Jack Petropoulos, Chairman of the ad hoc Center Fire Station Building Committee that researched three sites before unanimously recommending the Farmer’s Row location to the Board of Selectmen, was pleased with the vote. He wrote in an email: “I have to tell you that I am still decompressing from 10 weeks worth of work… I understand that the tally last night put the vote at roughly 80% in favor. While we set a bar at 90% (approval), the purpose of that bar was to hold us to a standard, and to make sure that we looked at every issue from every angle. We weren’t looking to win a town vote, we were looking to win a town’s approval. When I see the outcome expressed last night, it seems to me that we achieved that goal.”

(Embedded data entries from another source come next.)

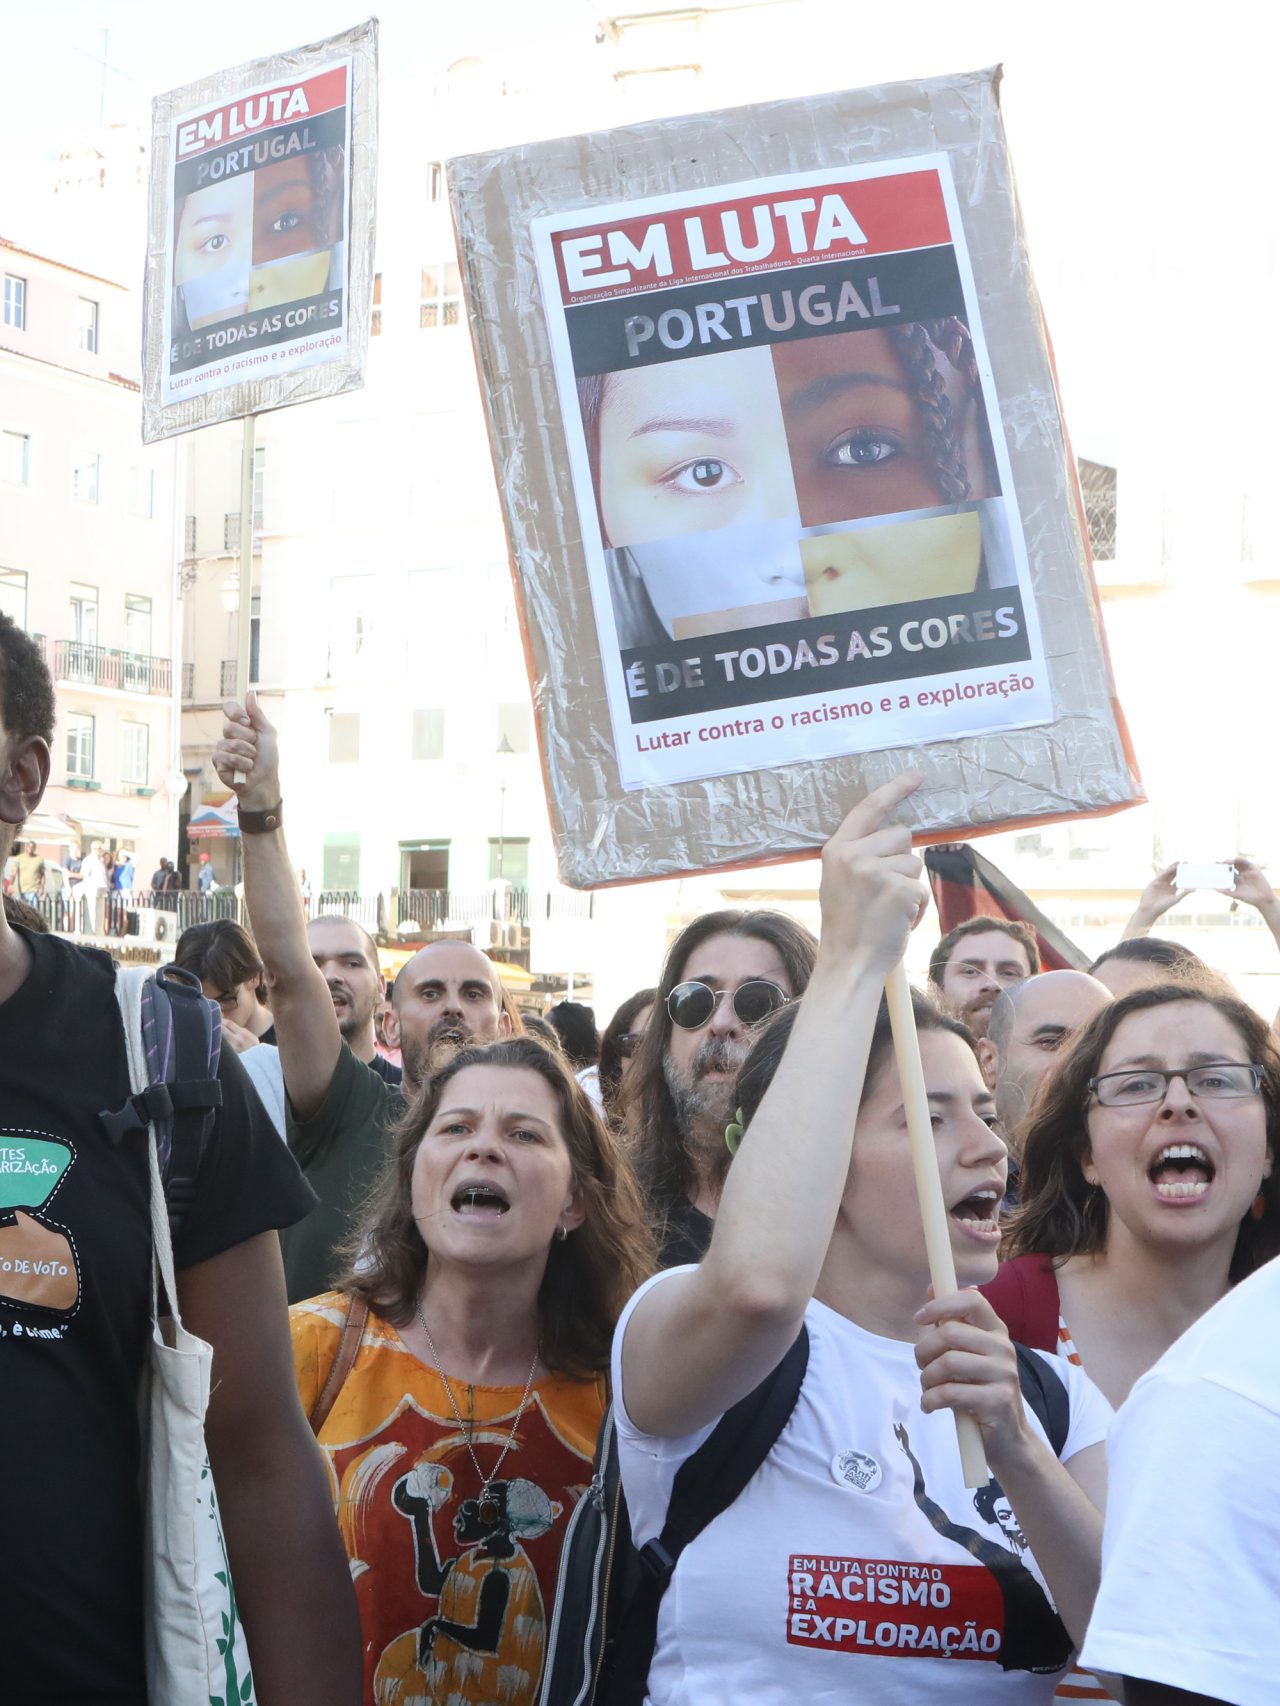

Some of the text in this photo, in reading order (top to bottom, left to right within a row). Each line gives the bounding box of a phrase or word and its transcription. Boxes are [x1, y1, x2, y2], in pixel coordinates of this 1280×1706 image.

[178, 112, 223, 155] EM
[229, 88, 309, 136] LUTA
[197, 128, 316, 185] PORTUGAL
[561, 194, 868, 293] EM LUTA
[570, 289, 613, 303] Organização
[613, 283, 657, 296] Simpatizante
[659, 279, 667, 287] da
[669, 276, 684, 287] Liga
[685, 269, 730, 282] Internacional
[731, 267, 744, 275] dos
[745, 259, 791, 273] Trabalhadores
[796, 255, 820, 266] Quarta
[821, 248, 866, 260] Internacional
[171, 343, 179, 363] É
[206, 320, 258, 350] TODAS
[260, 314, 281, 335] AS
[285, 299, 339, 328] CORES
[624, 276, 901, 356] PORTUGAL
[170, 334, 341, 390] Lutar contra o racismo e a exploração
[626, 606, 1019, 698] É DE TODAS AS CORES
[636, 673, 1035, 753] Lutar contra o racismo e a exploração
[15, 1259, 30, 1274] DE
[33, 1260, 68, 1276] VOTO
[791, 1572, 951, 1609] RACISMO
[793, 1558, 942, 1581] EM LUTA CONTRA O
[793, 1597, 817, 1611] E A
[790, 1612, 1001, 1658] EXPLORAÇÃO
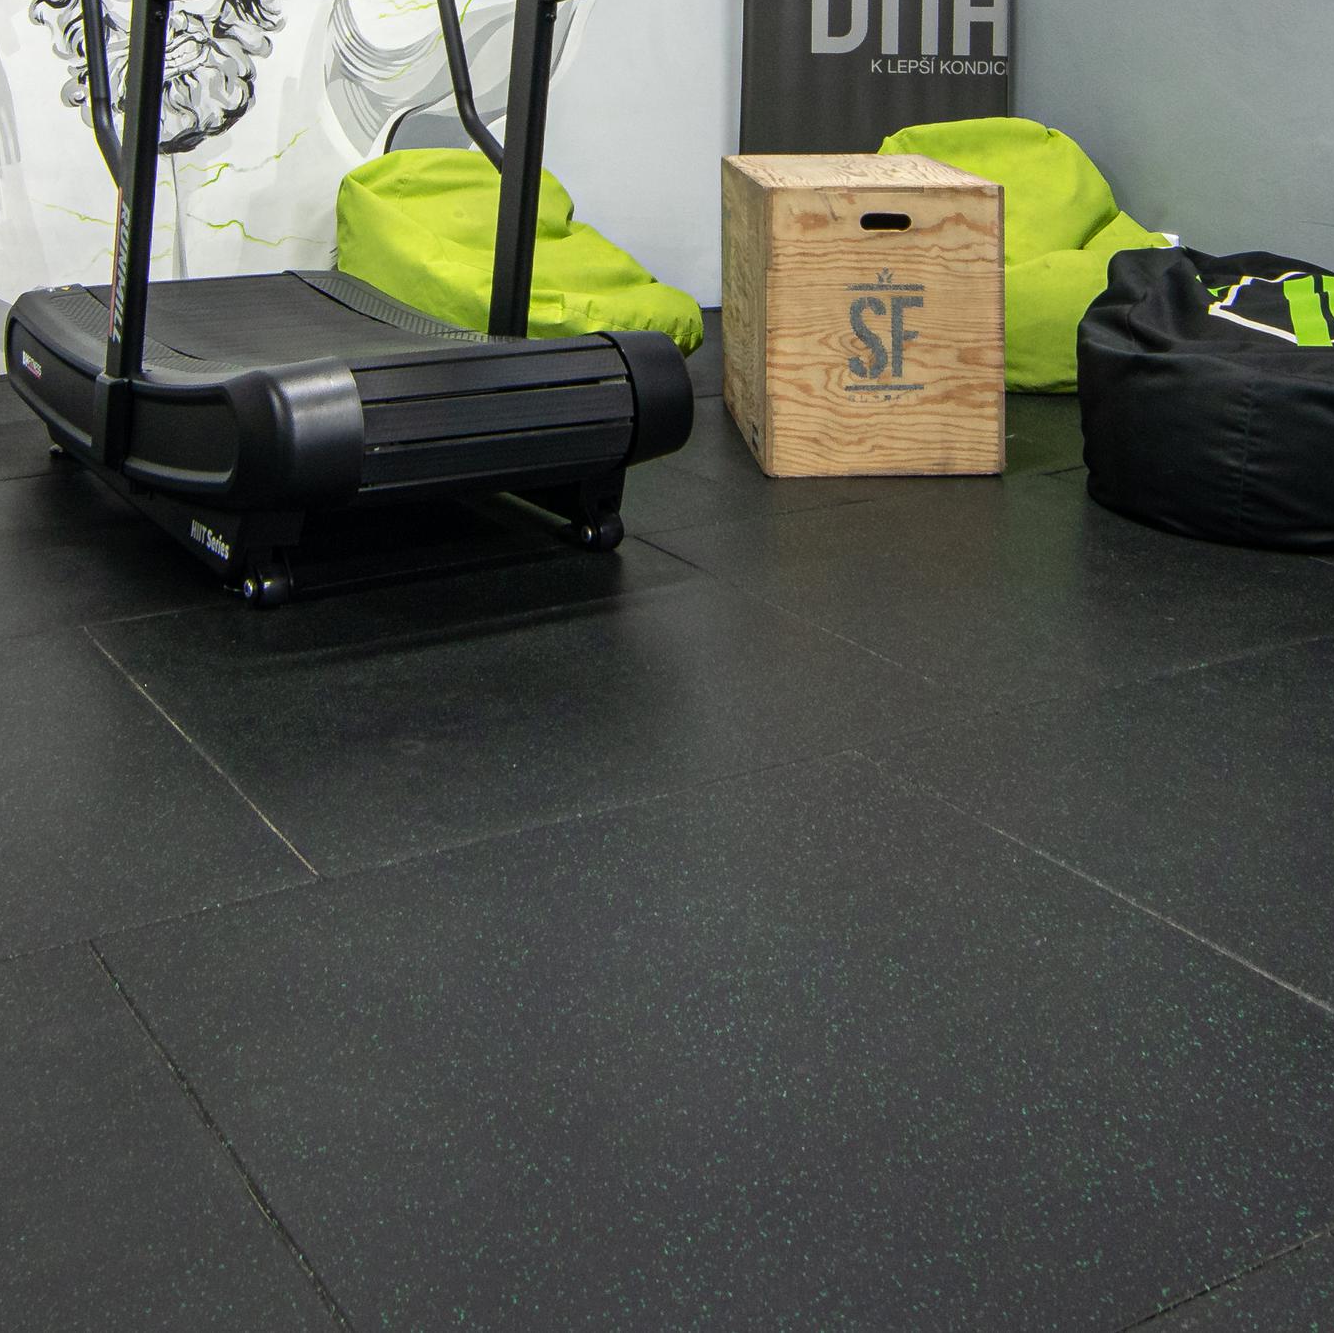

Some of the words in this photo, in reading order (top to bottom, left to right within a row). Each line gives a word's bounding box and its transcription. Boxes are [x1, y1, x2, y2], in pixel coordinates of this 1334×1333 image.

[871, 59, 883, 74] K
[887, 55, 937, 75] LEPŠÍ
[847, 295, 924, 379] SF

The committee took a different approach than town officials used in 2011, hiring professional consultants and trying to anticipate and answer a broad range of questions similar to those that tripped up the the 2011 proposals. In addition to holding public meetings two and sometimes three times a week, the committee made a point of posting progress reports on the town web site and distributing them to local media. Over the last several weeks, the committee held two public hearings and three “walk-throughs” of the Ayer central fire station, which is roughly comparable to the proposed Groton facility. It concluded its public information effort by mailing its recommendation and background information to all households in town last week. Both the BoS and the Planning Board endorsed the location and purchase.
The fire station site is on the southern edge of the tract, approaching Long Hill Road, and is part of an 11-acre hayfield owned by the Lawrence Homestead Trust and leased by Excalibur Farms. The purchase price is $350,000. As part of the deal, the town will extend town sewer to the site to serve the fire station and to provide hookups for three building lots between the town’s nearby Public Safety Building and the fire station lot. Representatives of the Lawrence Homestead Trust appeared before the Planning Board last Thursday to present an “Approval Not Required” plan for the lots, outlining how the property may be subdivided.

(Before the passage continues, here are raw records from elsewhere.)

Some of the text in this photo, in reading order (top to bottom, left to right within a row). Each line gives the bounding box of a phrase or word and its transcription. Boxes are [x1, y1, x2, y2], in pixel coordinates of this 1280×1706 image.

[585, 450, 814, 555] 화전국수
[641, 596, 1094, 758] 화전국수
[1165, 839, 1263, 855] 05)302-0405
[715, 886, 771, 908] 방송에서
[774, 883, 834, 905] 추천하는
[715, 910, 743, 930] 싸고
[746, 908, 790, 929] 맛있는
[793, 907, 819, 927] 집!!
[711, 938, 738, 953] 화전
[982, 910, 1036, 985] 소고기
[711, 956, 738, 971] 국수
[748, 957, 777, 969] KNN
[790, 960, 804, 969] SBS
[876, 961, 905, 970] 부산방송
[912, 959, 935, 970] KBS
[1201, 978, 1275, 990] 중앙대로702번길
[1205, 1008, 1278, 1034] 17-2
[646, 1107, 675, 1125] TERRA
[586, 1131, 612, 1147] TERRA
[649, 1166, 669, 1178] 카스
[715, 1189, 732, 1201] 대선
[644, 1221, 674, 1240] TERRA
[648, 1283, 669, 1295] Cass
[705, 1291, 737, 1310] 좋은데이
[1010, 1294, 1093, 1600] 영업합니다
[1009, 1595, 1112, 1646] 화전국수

Preliminary estimates of the cost of the 8-bay fire station approach $8 million. The proposed station is about two thousand square feet larger than the one in the 2011 proposal because the Farmer’s Row lot is more than an acre larger and can accommodate a broader range of training and operational programs, committee members said.
A second town meeting article, to hire an architect and develop working plans for the station, was put off until the Town Meeting resumes on May 7. The Center Fire Station Building Committee is expected to supervise and facilitate design and construction decisions and operations until the facility is opened.





The Center Fire Station Building Committee and Chairman Jack Petropolous showed what being prepared can accomplish. This was a job well done and that is why it was so readily approved by the voters. Groton Voters got the impression that Town Officials were trying to pull the wool over their eyes in previous Fire Station attempts. Not this time though. Thanks to the Committee for all of your hard work.
The so-called Building Committee is not an objective, impartial committee therefore any conclusions they arrive at in terms of a site are motivated by the interests primarily of the fire department chief. The Committee is largely populated by fire department members. Who chose the committee on this?